#### WORK ORDER
In the records below, begin at the line that has "this 1920×768 image." and stop after the line that has "this 1280×1707 image."; quote those lines verbatim and nothing more.

#### DATA FOR THE TASK
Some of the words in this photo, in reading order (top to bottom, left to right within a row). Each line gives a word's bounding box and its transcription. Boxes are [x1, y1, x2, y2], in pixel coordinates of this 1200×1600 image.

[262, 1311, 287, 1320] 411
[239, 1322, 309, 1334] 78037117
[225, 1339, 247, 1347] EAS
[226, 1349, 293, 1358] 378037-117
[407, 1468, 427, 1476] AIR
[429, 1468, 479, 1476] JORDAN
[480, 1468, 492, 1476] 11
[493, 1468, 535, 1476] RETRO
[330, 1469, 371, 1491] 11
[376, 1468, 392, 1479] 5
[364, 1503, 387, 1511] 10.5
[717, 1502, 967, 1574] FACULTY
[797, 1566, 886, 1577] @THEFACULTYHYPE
* * *
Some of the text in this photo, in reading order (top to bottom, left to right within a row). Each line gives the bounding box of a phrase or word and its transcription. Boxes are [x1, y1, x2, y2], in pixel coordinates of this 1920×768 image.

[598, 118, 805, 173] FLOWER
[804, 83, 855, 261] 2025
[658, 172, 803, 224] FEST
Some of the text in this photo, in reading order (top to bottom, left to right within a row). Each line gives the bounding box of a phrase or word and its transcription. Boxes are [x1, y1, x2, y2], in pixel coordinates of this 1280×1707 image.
==
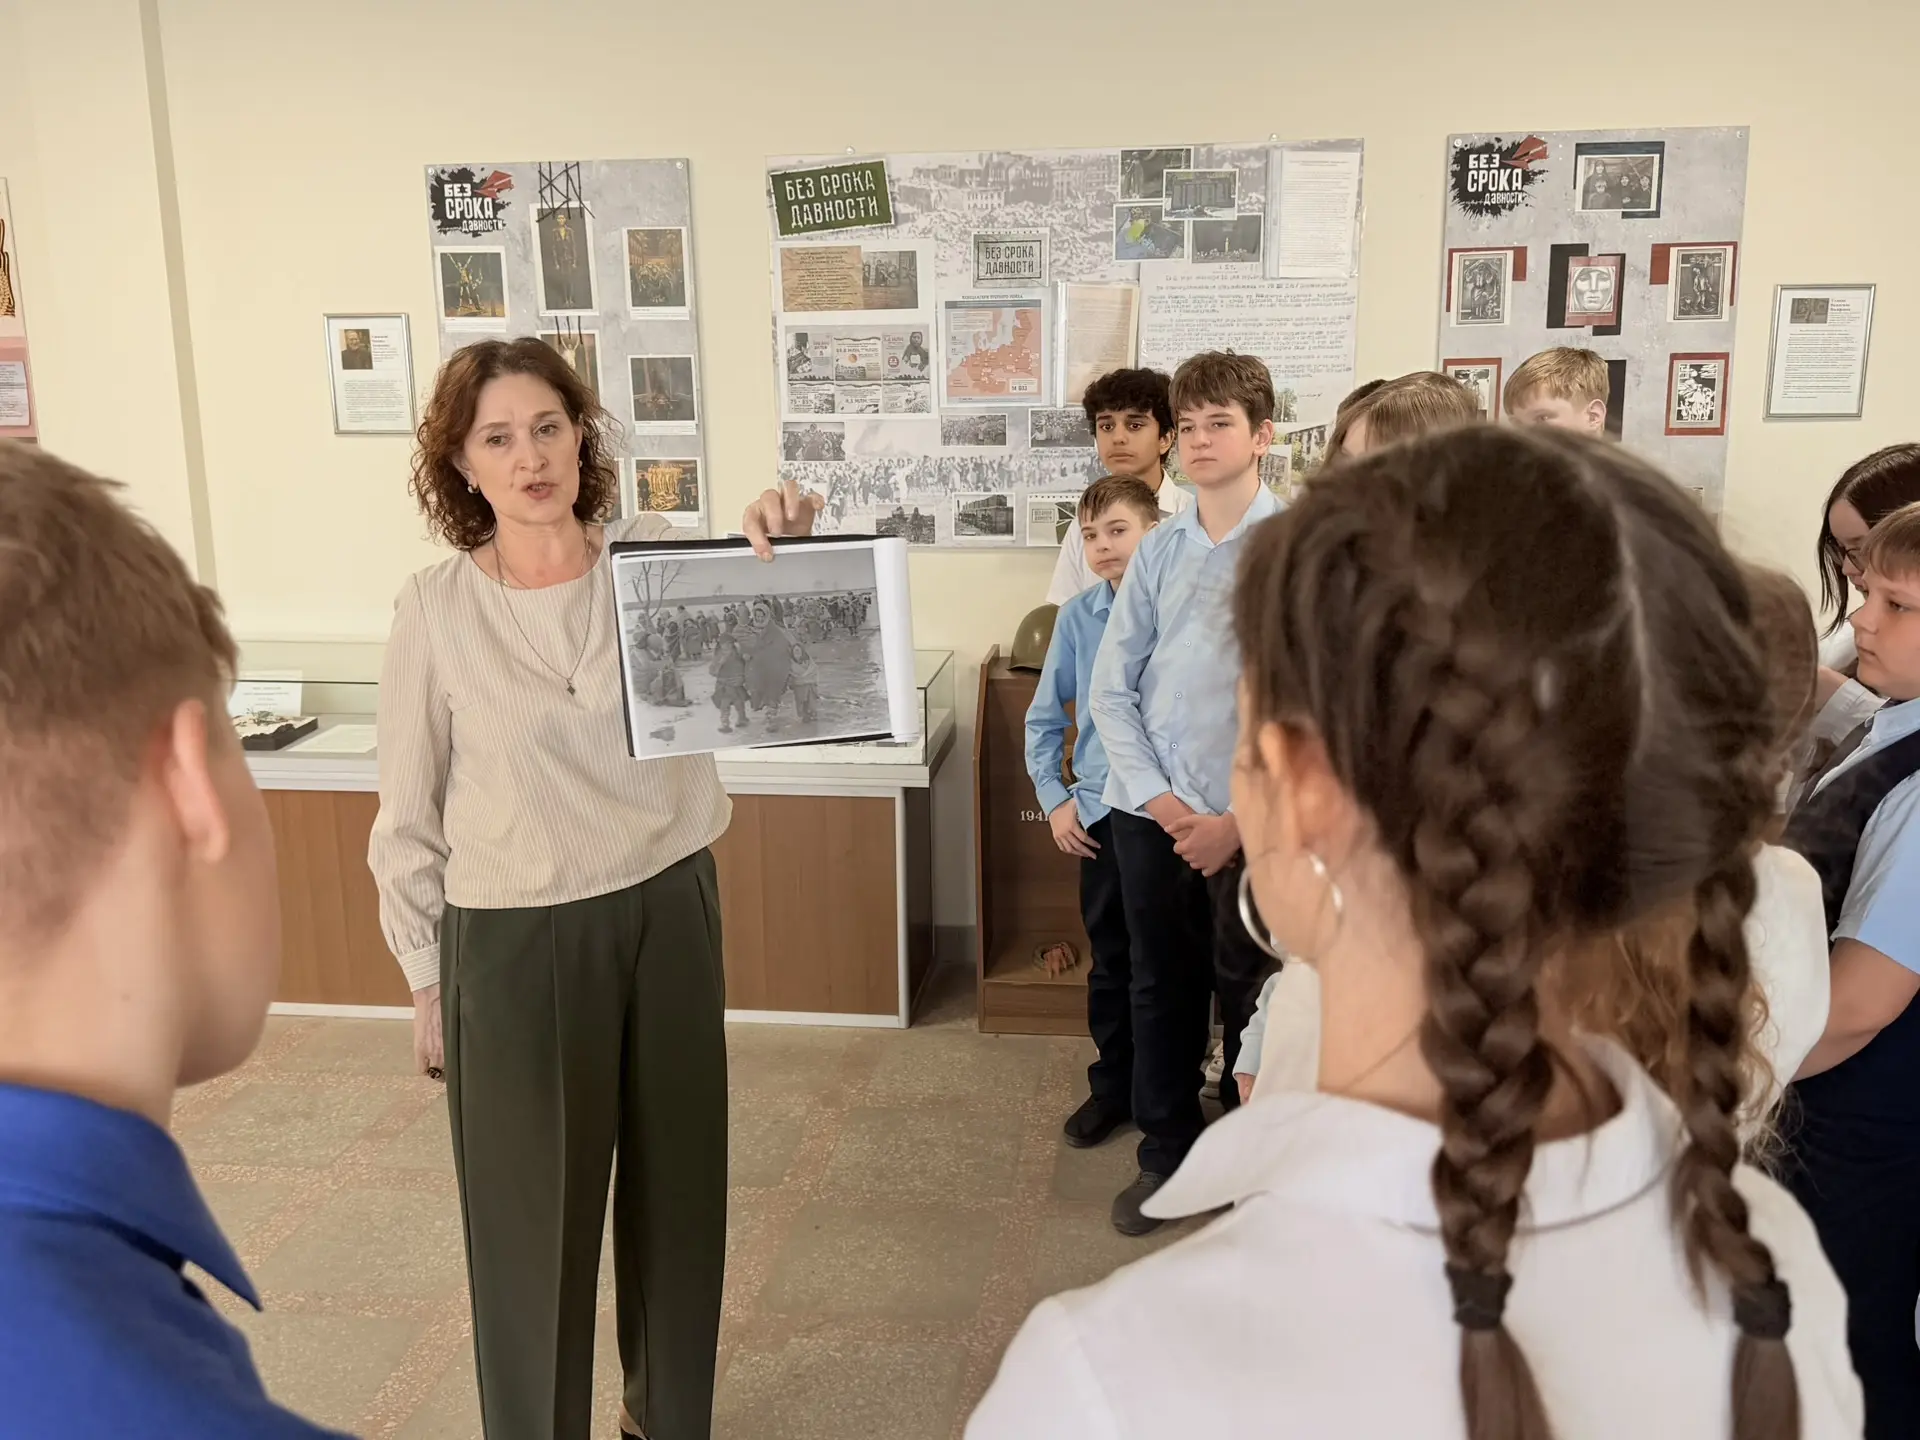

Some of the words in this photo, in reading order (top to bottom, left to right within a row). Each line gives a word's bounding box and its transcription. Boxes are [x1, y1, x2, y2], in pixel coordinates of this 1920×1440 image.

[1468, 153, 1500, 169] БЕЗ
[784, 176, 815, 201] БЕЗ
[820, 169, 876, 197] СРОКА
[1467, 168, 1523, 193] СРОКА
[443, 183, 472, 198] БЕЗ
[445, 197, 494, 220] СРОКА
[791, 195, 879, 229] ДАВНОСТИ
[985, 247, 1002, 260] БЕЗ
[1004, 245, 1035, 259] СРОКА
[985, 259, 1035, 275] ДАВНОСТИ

#### TASK ANSWER
Some of the text in this photo, in reading order (top to bottom, left to right within a row). Each line gives the bounding box of a phrase or word and its transcription. Boxes are [x1, y1, x2, y2], in pixel coordinates of this 1920×768 image.

[598, 118, 805, 173] FLOWER
[804, 83, 855, 261] 2025
[658, 172, 803, 224] FEST
Some of the text in this photo, in reading order (top to bottom, left to right within a row). Each line gives the bounding box of a phrase or word and its transcription. Boxes are [x1, y1, x2, y2], in pixel coordinates of this 1280×1707 image.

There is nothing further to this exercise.